Indications are that in general, stock market investors remain bullish in outlook, with the economy continuing to show signs of improvement. Last week saw the Dow Jones industrial average holding its position above the 12,000 level, with the 10,000 level considered to be an important psychological milestone for investors. It wasn’t only the Dow that conquered psychological barriers. The Standard & Poor’s 500 closed last week above 1,300 points, while the Nasdaq did some climbing of its own, reaching heights last seen in 2008. Corporate results indicating a shift of trend from profits driven by cost-cutting, to growth driven by earnings, also contributed to last week’s pleasing market performance.
The upcoming week offers no especially significant market-moving events, however there are some highlights to watch out for. The week kicks off with President Barack Obama addressing an audience of around 200 influential people at the US Chamber of Commerce. This move is seen as a step toward bridging the gap between Obama and the business community as represented by the Chamber and the job market is likely to be high on the agenda. On Monday afternoon the Federal Reserve’s consumer credit report for December will be made public. Also on Monday quarterly results will be released by Lowes, a leading home improvement retailer in the US.
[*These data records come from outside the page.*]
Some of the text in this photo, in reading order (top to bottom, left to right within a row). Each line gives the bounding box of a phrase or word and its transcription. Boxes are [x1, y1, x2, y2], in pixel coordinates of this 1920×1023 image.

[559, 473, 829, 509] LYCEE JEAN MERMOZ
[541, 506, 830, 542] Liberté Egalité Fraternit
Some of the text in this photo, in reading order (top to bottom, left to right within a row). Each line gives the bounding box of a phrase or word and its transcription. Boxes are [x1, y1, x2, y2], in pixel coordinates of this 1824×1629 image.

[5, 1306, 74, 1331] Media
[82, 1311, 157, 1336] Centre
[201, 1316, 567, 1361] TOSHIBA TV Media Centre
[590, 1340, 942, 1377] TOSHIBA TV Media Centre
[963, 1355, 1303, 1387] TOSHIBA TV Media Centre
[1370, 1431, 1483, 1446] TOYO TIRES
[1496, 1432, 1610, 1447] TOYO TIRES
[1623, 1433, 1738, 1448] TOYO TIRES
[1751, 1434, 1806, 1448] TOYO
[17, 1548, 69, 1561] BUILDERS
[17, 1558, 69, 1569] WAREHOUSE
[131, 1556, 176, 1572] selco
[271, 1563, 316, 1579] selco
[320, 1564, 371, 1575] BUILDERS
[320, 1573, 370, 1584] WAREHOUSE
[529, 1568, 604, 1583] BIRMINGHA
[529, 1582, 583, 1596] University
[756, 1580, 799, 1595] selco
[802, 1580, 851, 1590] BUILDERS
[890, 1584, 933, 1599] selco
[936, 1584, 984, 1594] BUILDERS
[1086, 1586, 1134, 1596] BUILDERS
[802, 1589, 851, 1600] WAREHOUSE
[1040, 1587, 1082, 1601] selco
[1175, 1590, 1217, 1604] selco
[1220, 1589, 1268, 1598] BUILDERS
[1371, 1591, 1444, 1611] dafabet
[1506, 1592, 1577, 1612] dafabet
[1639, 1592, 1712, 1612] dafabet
Wednesday sees Federal Reserve Chairman Ben Bernanke testifying before the House Budget Committee. On the corporate front, Coca-Cola and Cisco Systems will be reporting quarterly results. Before opening bell on Thursday, the weekly report on initial jobless benefits claims will be released, with the Federal Treasury budget due during the day. Friday sees the release of government data on December’s US trade balance, with a report on consumer sentiment compiled by the University of Michigan due out in the morning.